The initial demo of Google's new AI chatbot, Bard, contained a factual inaccuracy, which has put the chatbot's development in jeopardy. A rival to OpenAI's ChatGPT, the bot was unveiled on Monday and was slated to become more broadly available to the public in the coming weeks. When questioned in a demo by Google about recent findings made by the James Webb Space Telescope, Bard provided three bullet points of information, including the claim that the telescope captured the very first photos of a planet outside of our own solar system. This assertion was untrue, though.

The first photograph of an exoplanet was acquired in 2004, not by the James Webb Space Telescope, as some well-known astronomers have been keen to point out.
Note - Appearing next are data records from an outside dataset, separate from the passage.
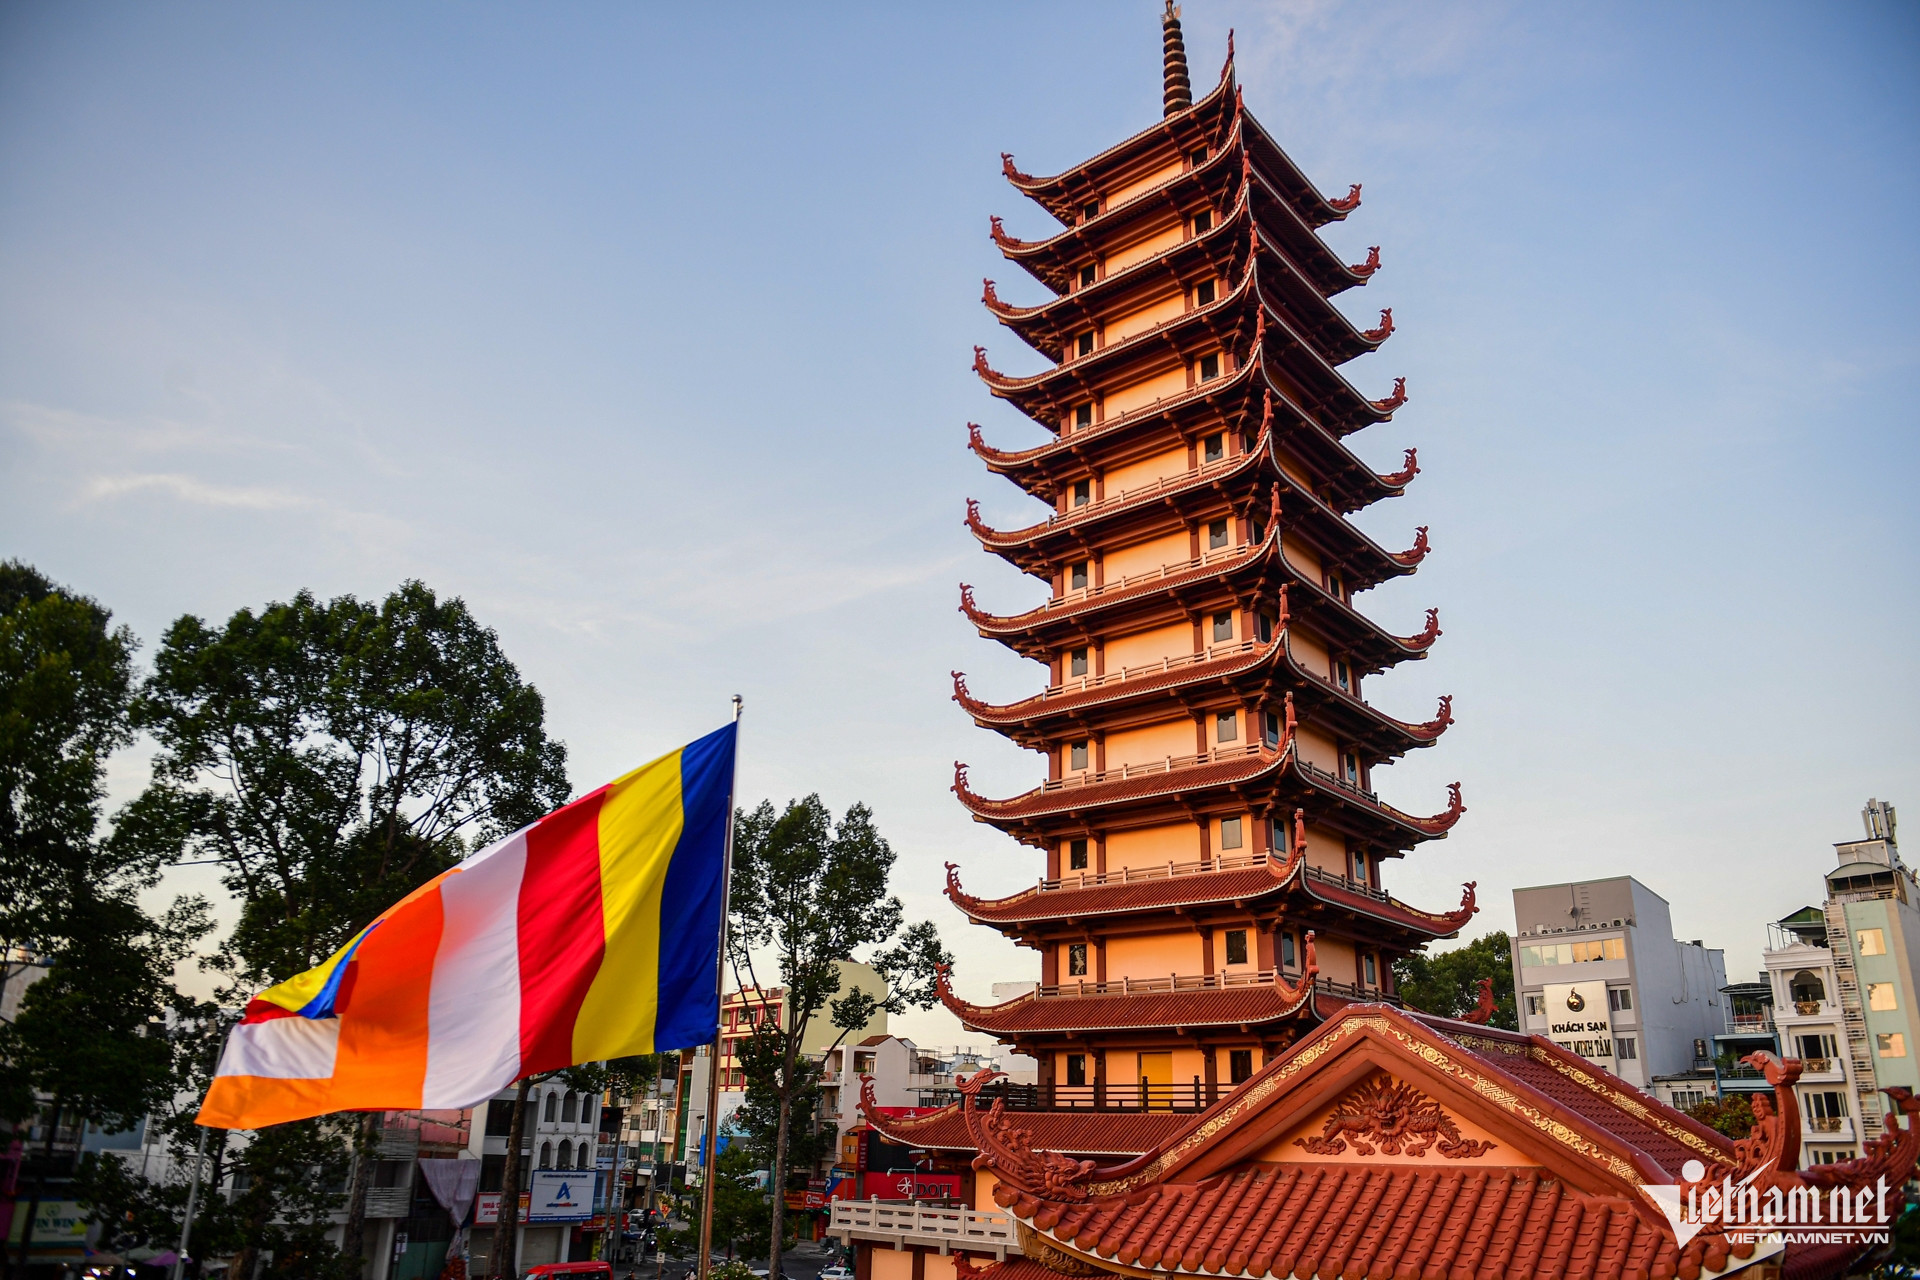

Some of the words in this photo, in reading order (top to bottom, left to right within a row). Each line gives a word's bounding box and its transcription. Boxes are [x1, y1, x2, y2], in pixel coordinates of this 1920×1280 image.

[1552, 1021, 1585, 1034] KHÁCH
[1587, 1022, 1607, 1034] SẠN
[1573, 1040, 1594, 1057] MINH
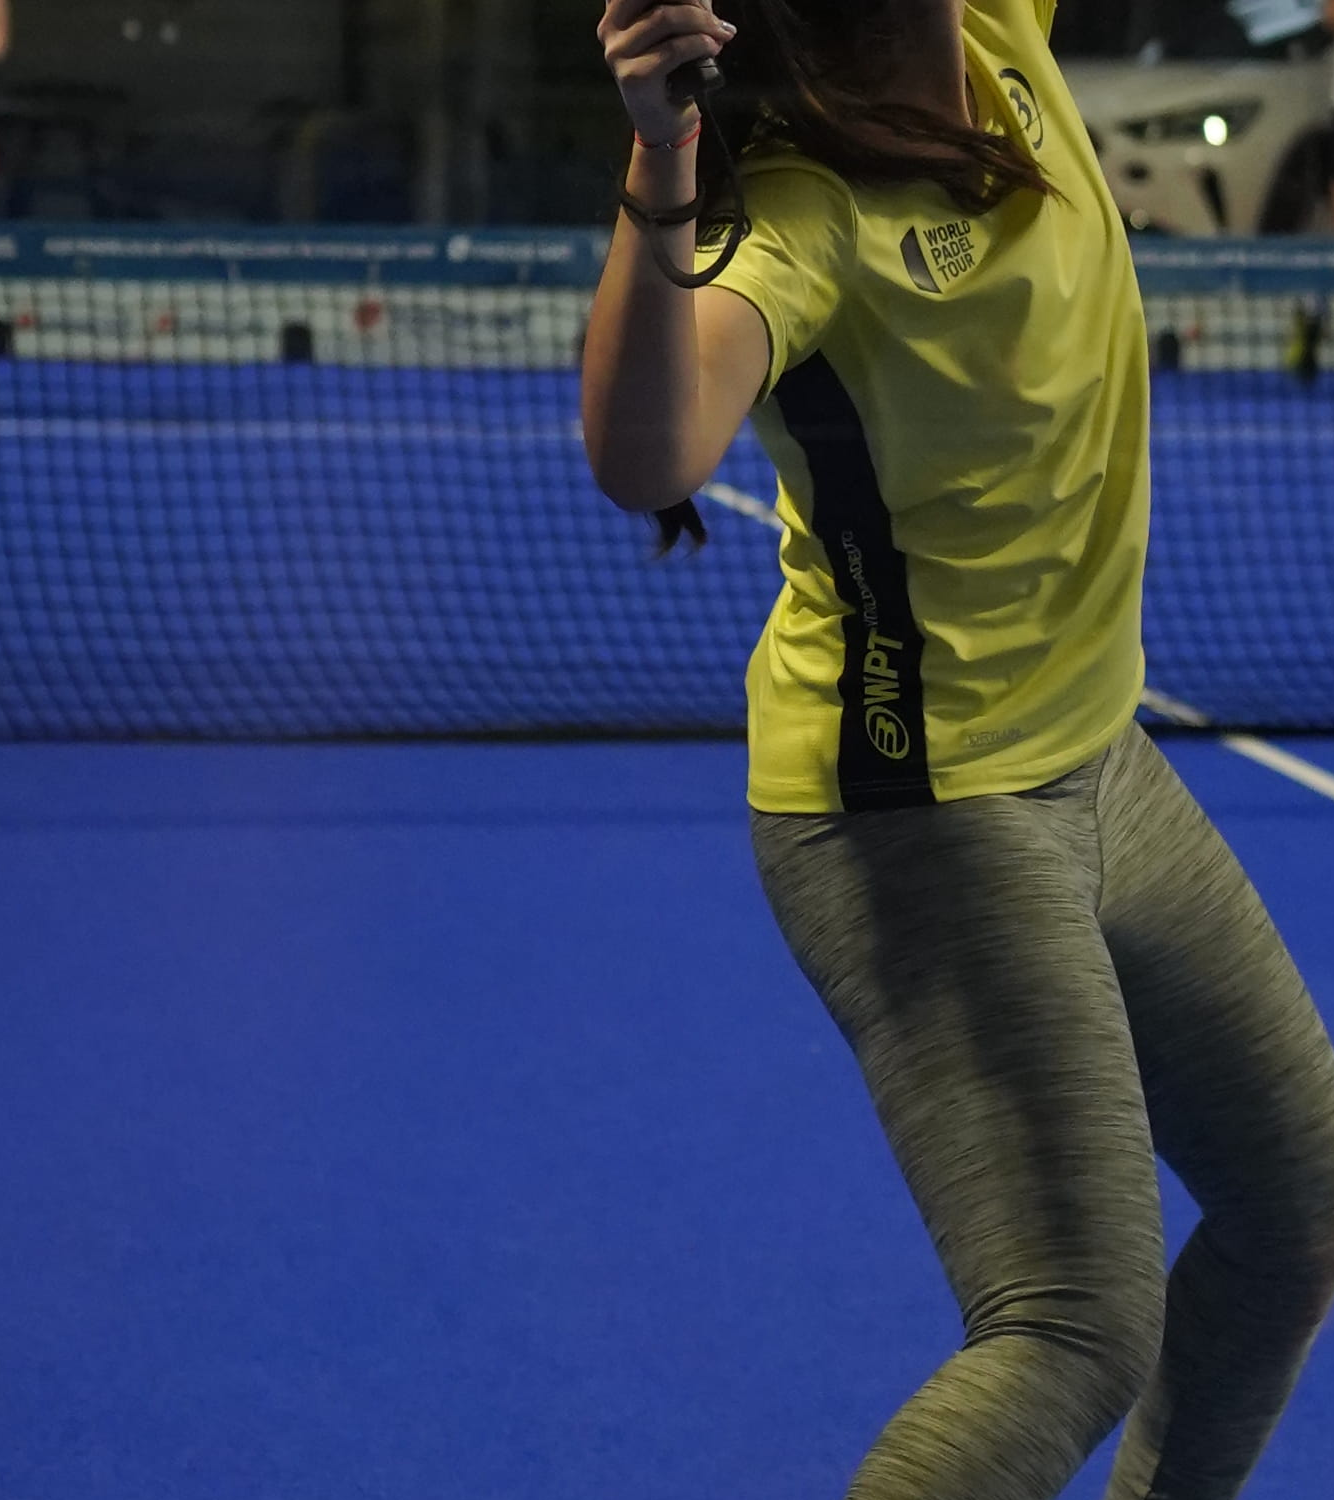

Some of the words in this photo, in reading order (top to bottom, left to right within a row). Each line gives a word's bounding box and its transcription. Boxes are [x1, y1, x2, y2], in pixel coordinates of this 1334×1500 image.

[922, 219, 971, 247] WORLD
[930, 237, 974, 266] PADEL
[937, 253, 976, 282] TOUR
[863, 627, 904, 707] WPT
Grant Tremblay, an astronomer, noted on Twitter that while Bard is "impressive," AI chatbots like ChatGPT and Bard often confidently assert false information. The computers do not search a database of verified facts; instead, they are trained on vast amounts of text and evaluate patterns to identify word sequences. As a result, they have the ability to "hallucinate" and fabricate data, earning the label "bullshit generators" from one AI scientist.

Tremblay later posted a screenshot of a comparable search on "old" and "busted" Google Search, which was able to get the right result. During regular trading, Alphabet's shares swiftly reacted and fell as much as 9% with volumes that were roughly three times the 50-day moving average.

The same AI that powers ChatGPT will be used in a more sophisticated form in a new version of Bing and the Edge browser, Microsoft revealed earlier this week. On the other hand, Google has only made Bard available to "trusted testers". The business asserts that, as a result of errors like this, Google will thoroughly evaluate Bard before making it available to a larger public.

In response to the mess that Bard created on Wednesday, Google recognised the value of a thorough testing procedure. The programme will mix external feedback with internal testing to ensure that Bard's solutions satisfy a high level for "quality, safety, and real-world information," a company spokeswoman told The Verge.